▶ [TASK STATEMENT]:
Set down the data again word for word. Skip any pictures.

Segment Start: EXTRACTED INFORMATION

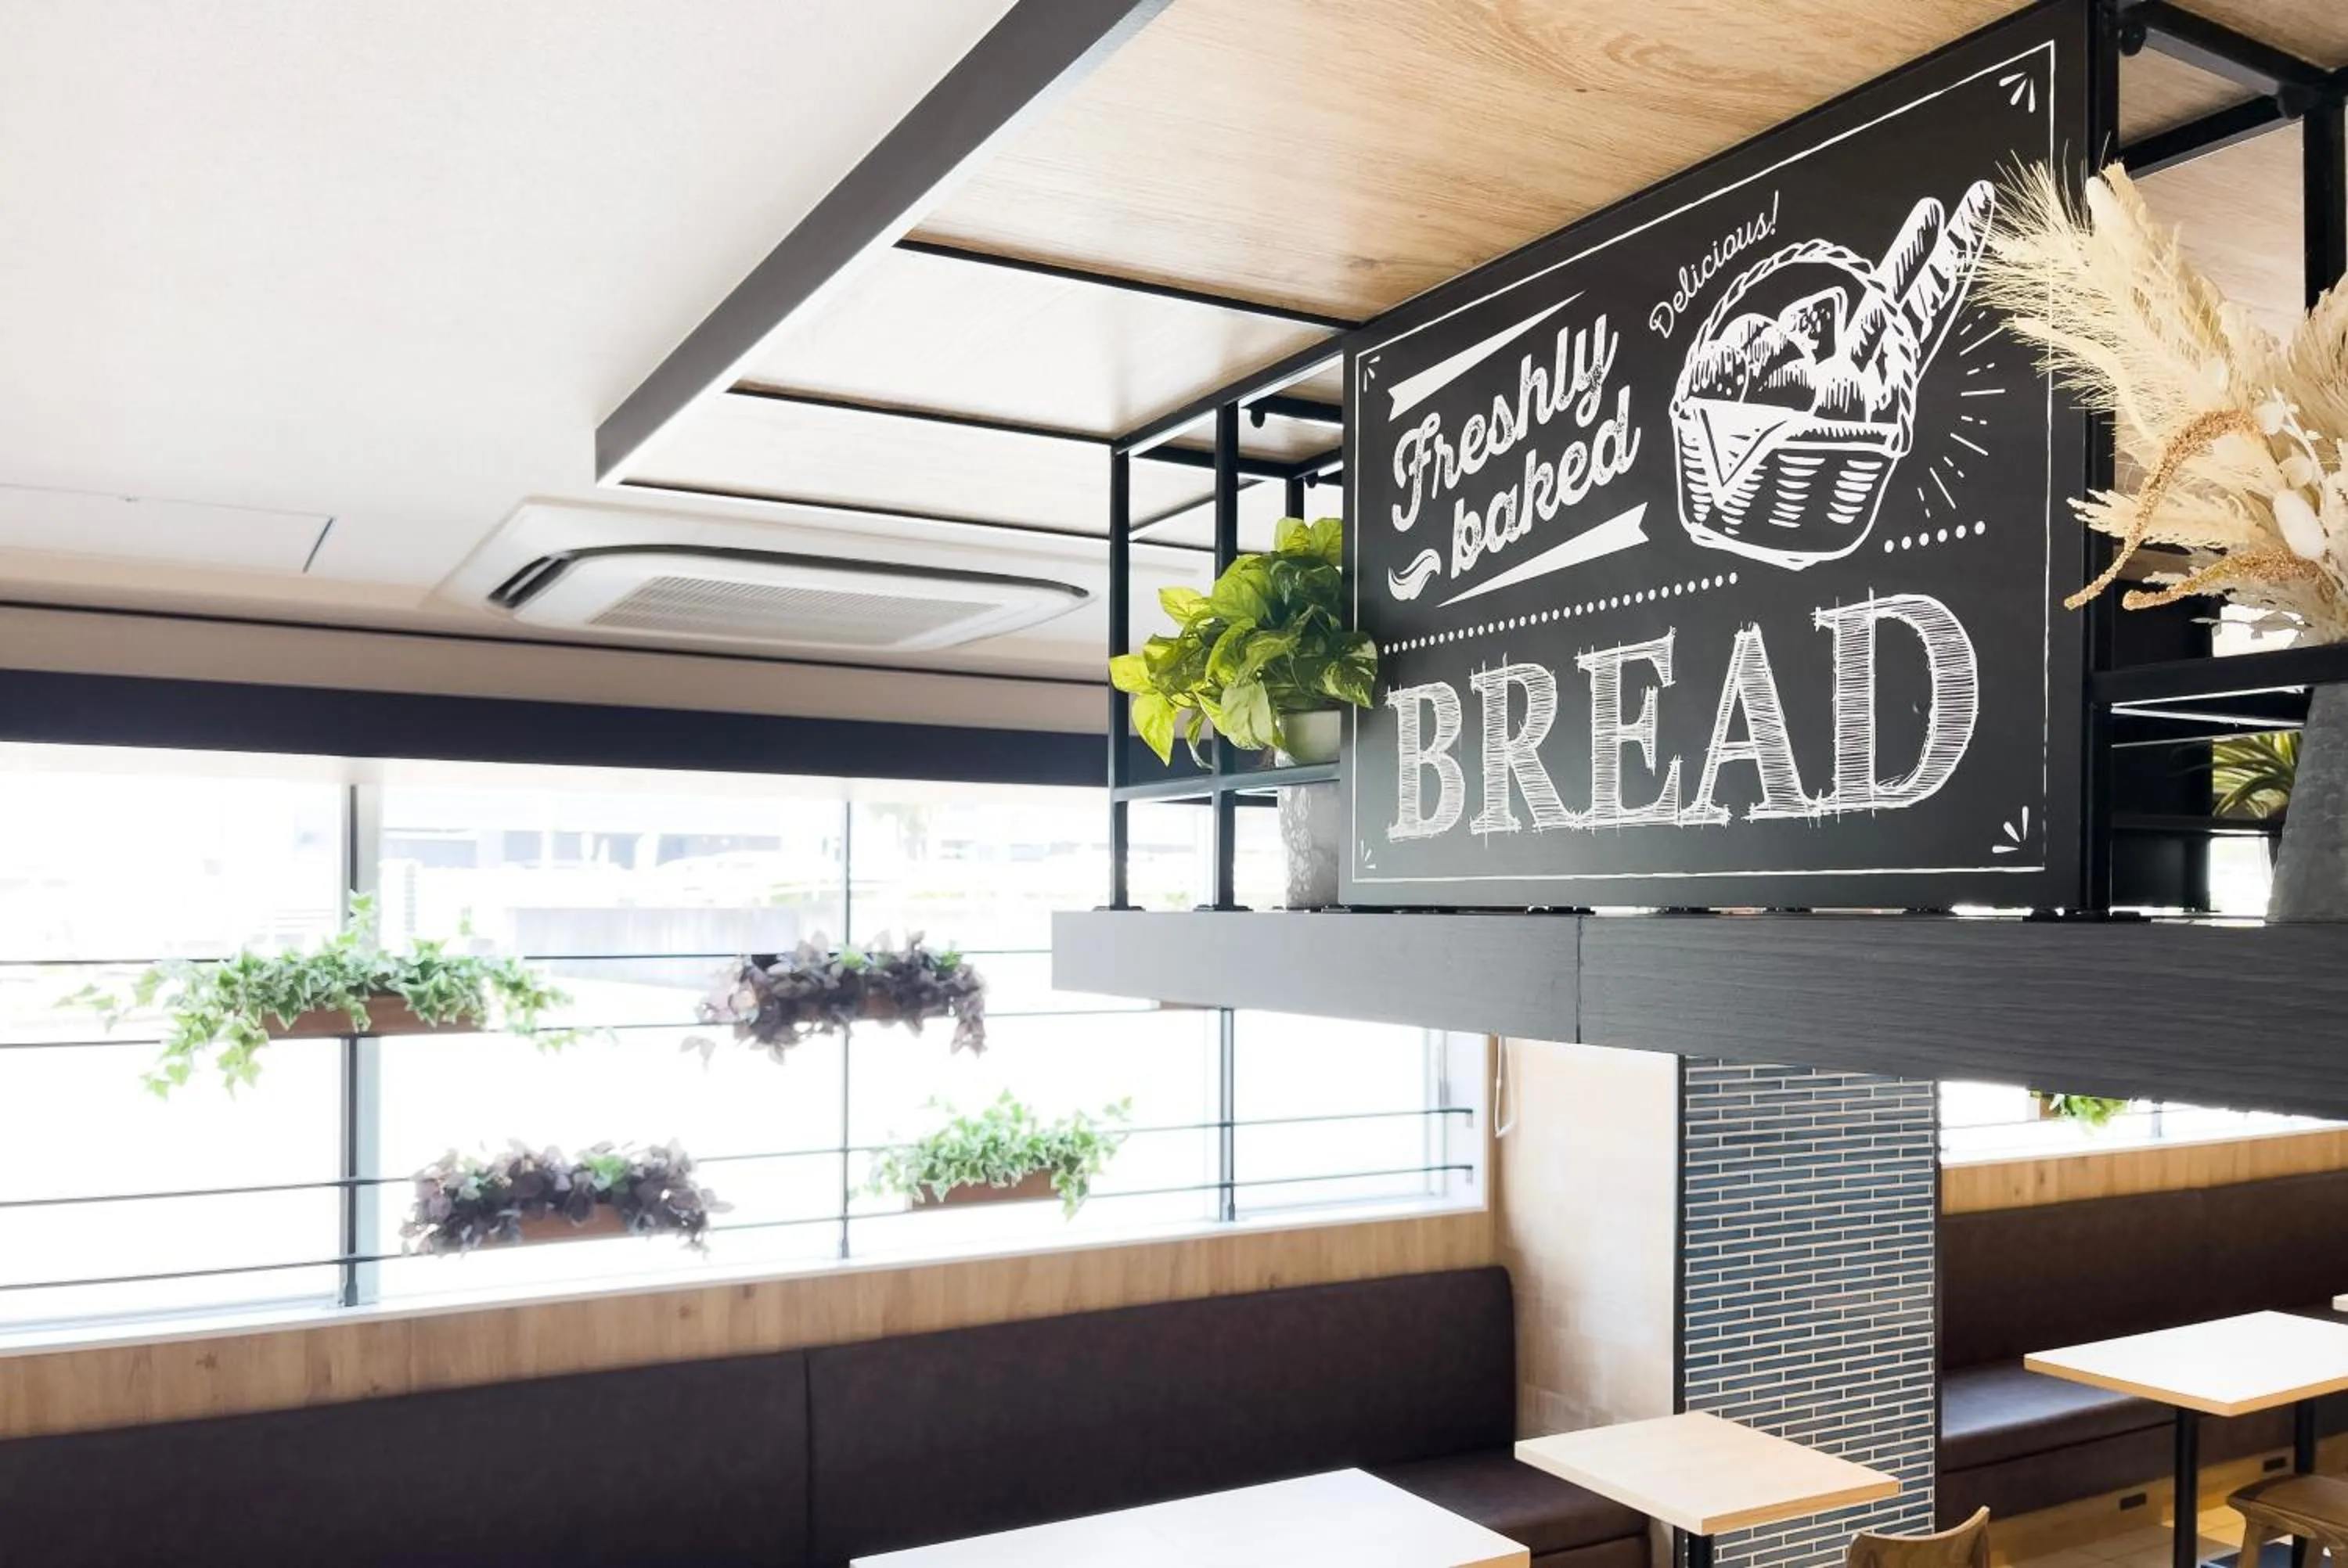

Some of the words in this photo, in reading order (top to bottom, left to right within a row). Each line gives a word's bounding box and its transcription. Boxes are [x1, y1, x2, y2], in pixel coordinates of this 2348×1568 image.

[1649, 191, 1780, 338] Delicious!
[1392, 314, 1619, 532] Freshly
[1449, 386, 1642, 580] baked
[1385, 588, 1979, 846] BREAD
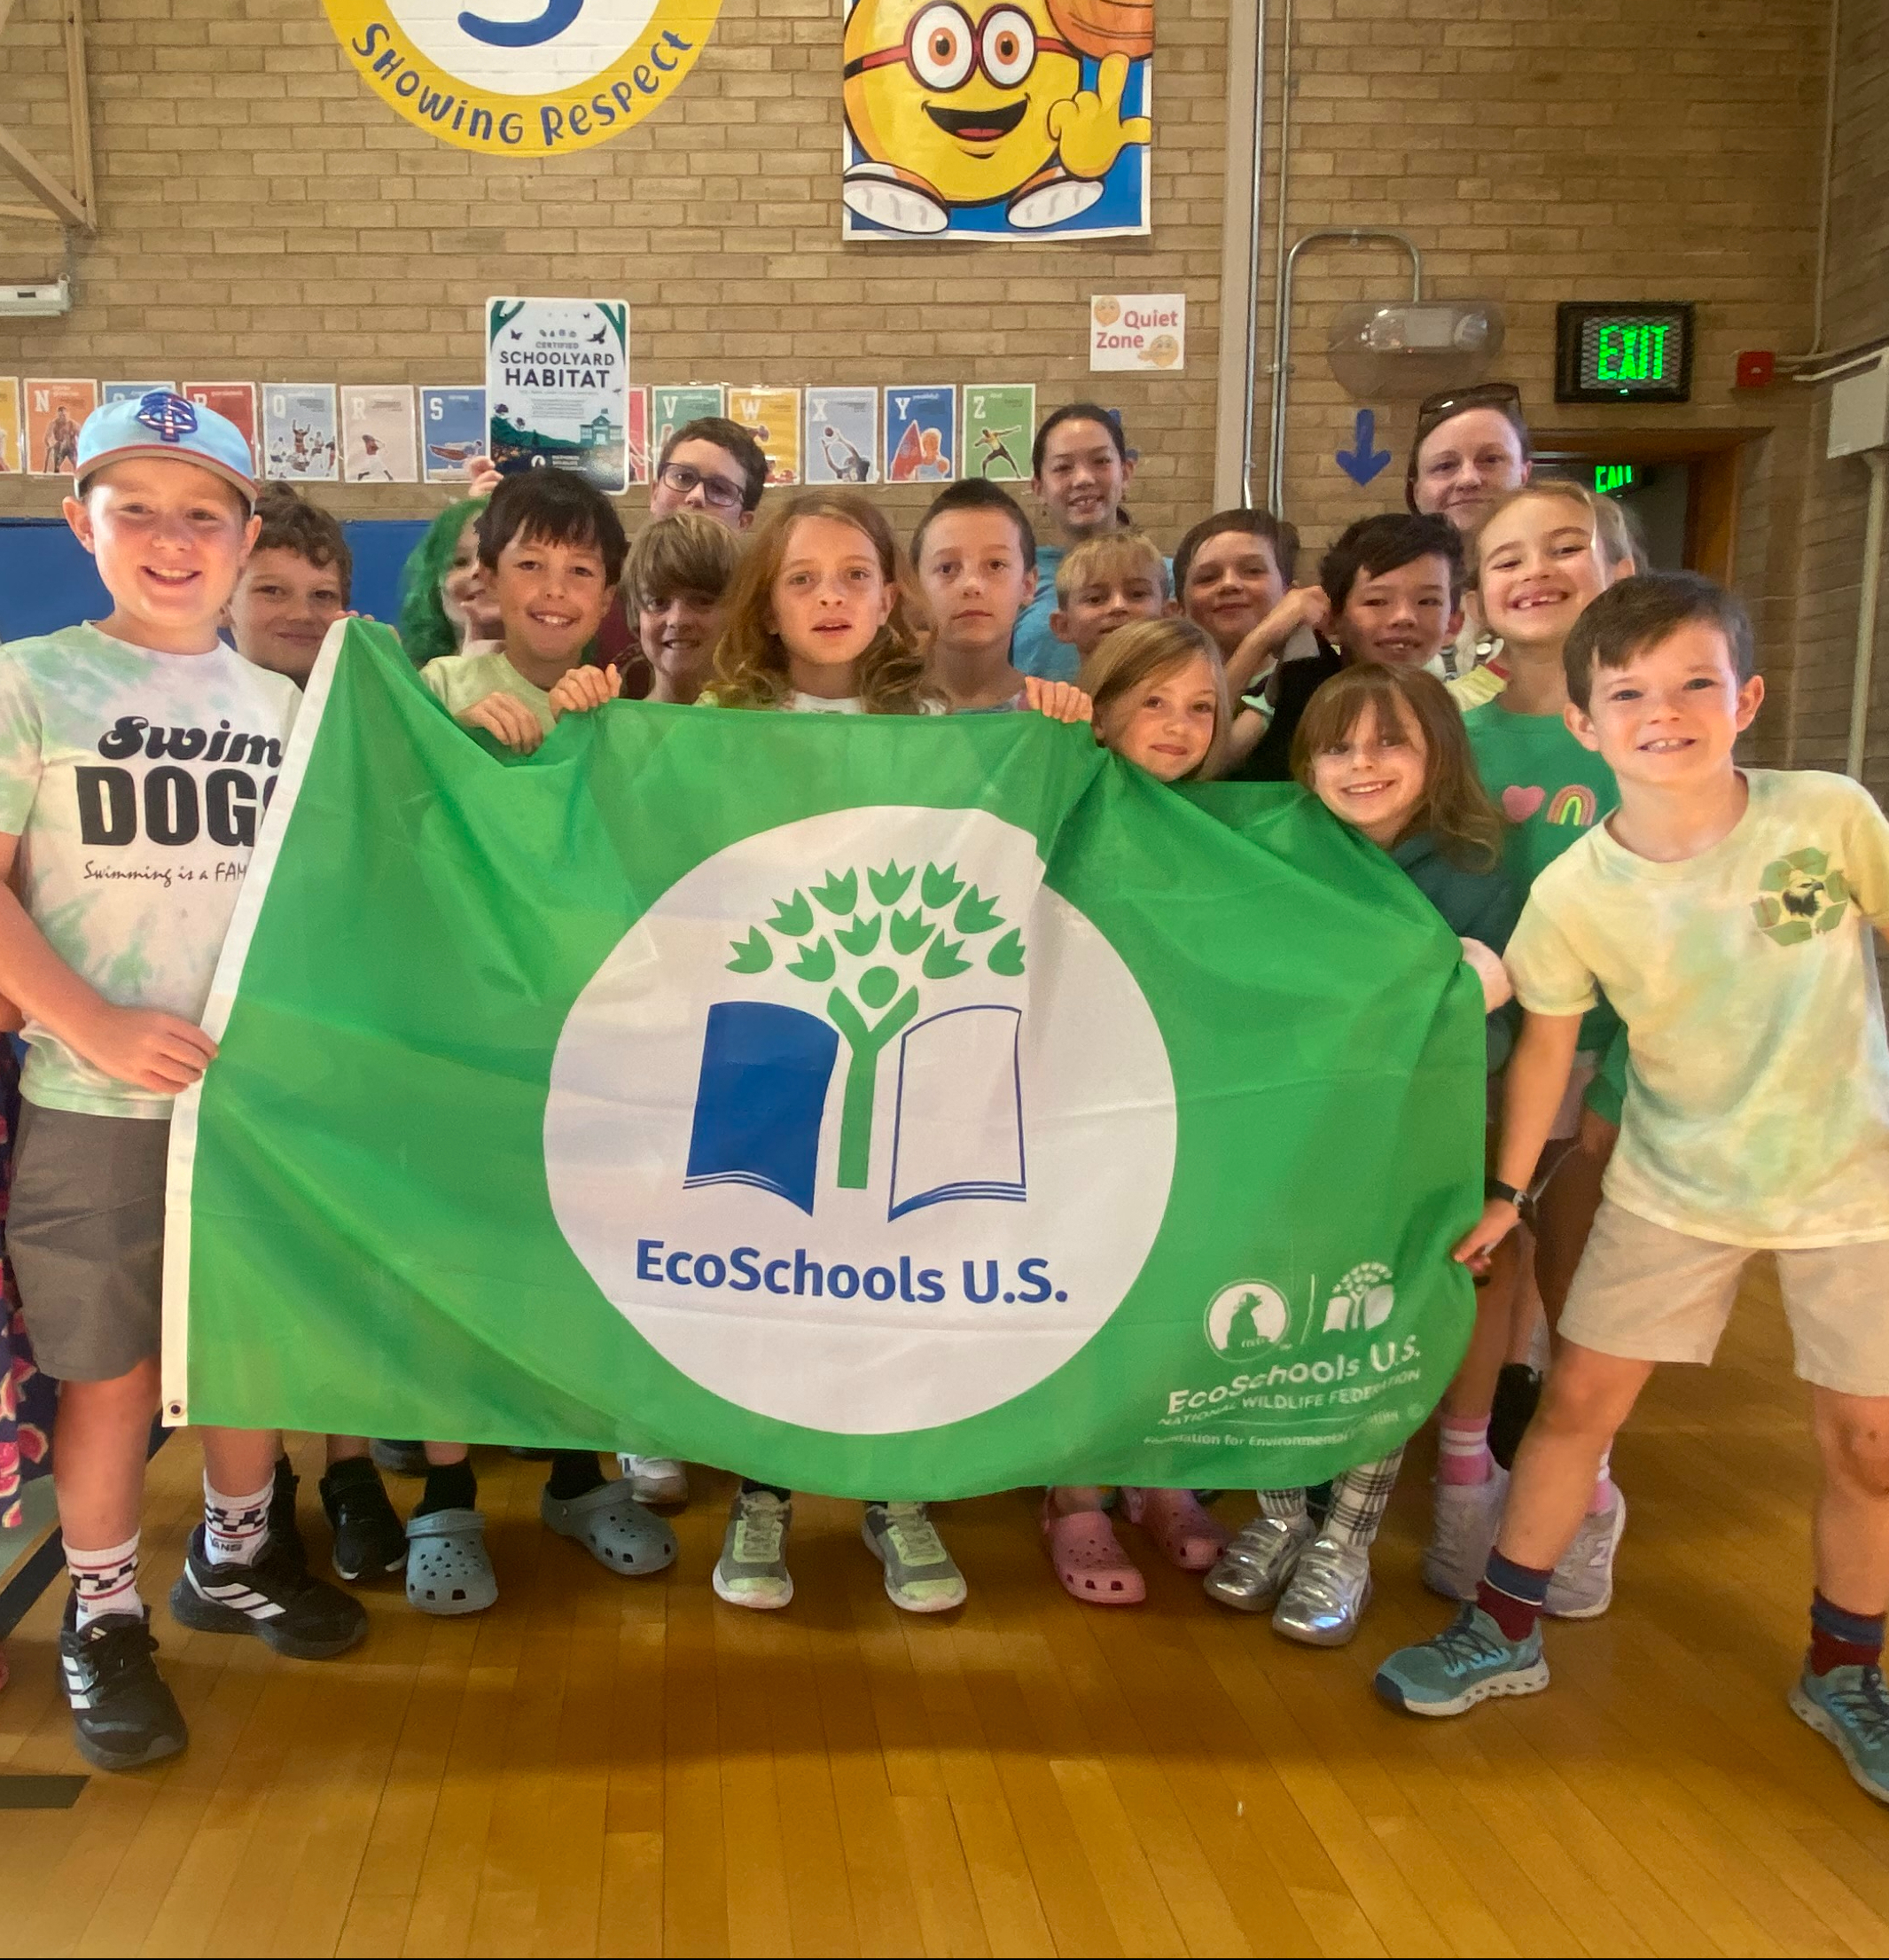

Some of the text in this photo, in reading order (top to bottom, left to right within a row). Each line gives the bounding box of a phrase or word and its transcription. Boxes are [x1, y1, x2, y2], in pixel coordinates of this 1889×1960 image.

[1124, 309, 1178, 330] Quiet
[1097, 332, 1144, 348] Zone
[499, 350, 615, 366] SCHOOLYARD
[1597, 324, 1669, 380] EXIT
[505, 368, 610, 388] HABITAT
[35, 390, 50, 412] N
[351, 397, 367, 420] R
[430, 397, 443, 420] S
[662, 396, 679, 419] V
[739, 399, 761, 421] W
[811, 398, 828, 422] X
[894, 397, 910, 420] Y
[973, 395, 986, 418] Z
[98, 715, 283, 768] Swim
[74, 765, 278, 847] DOG
[83, 860, 172, 887] Swimming
[178, 865, 193, 880] is
[199, 871, 209, 880] a
[636, 1238, 1068, 1304] EcoSchools U.S.
[1167, 1334, 1421, 1415] EcoSchools U.S.
[1243, 1394, 1325, 1409] WILDLIFE
[1224, 1433, 1245, 1445] for

Segment End: EXTRACTED INFORMATION

▶ [OUTPUT FOR THIS EXERCISE]:
Some of the words in this photo, in reading order (top to bottom, left to right within a row). Each line gives a word's bounding box and its transcription. Boxes are [x1, y1, x2, y2], in pixel coordinates of this 2348×1568 image.

[1649, 191, 1780, 338] Delicious!
[1392, 314, 1619, 532] Freshly
[1449, 386, 1642, 580] baked
[1385, 588, 1979, 846] BREAD

Some of the text in this photo, in reading order (top to bottom, left to right within a row). Each line gives the bounding box of a phrase or word and its transcription. Boxes are [x1, y1, x2, y2], in pixel coordinates of this 1889×1960 image.

[1124, 309, 1178, 330] Quiet
[1097, 332, 1144, 348] Zone
[499, 350, 615, 366] SCHOOLYARD
[1597, 324, 1669, 380] EXIT
[505, 368, 610, 388] HABITAT
[35, 390, 50, 412] N
[351, 397, 367, 420] R
[430, 397, 443, 420] S
[662, 396, 679, 419] V
[739, 399, 761, 421] W
[811, 398, 828, 422] X
[894, 397, 910, 420] Y
[973, 395, 986, 418] Z
[98, 715, 283, 768] Swim
[74, 765, 278, 847] DOG
[83, 860, 172, 887] Swimming
[178, 865, 193, 880] is
[199, 871, 209, 880] a
[636, 1238, 1068, 1304] EcoSchools U.S.
[1167, 1334, 1421, 1415] EcoSchools U.S.
[1243, 1394, 1325, 1409] WILDLIFE
[1224, 1433, 1245, 1445] for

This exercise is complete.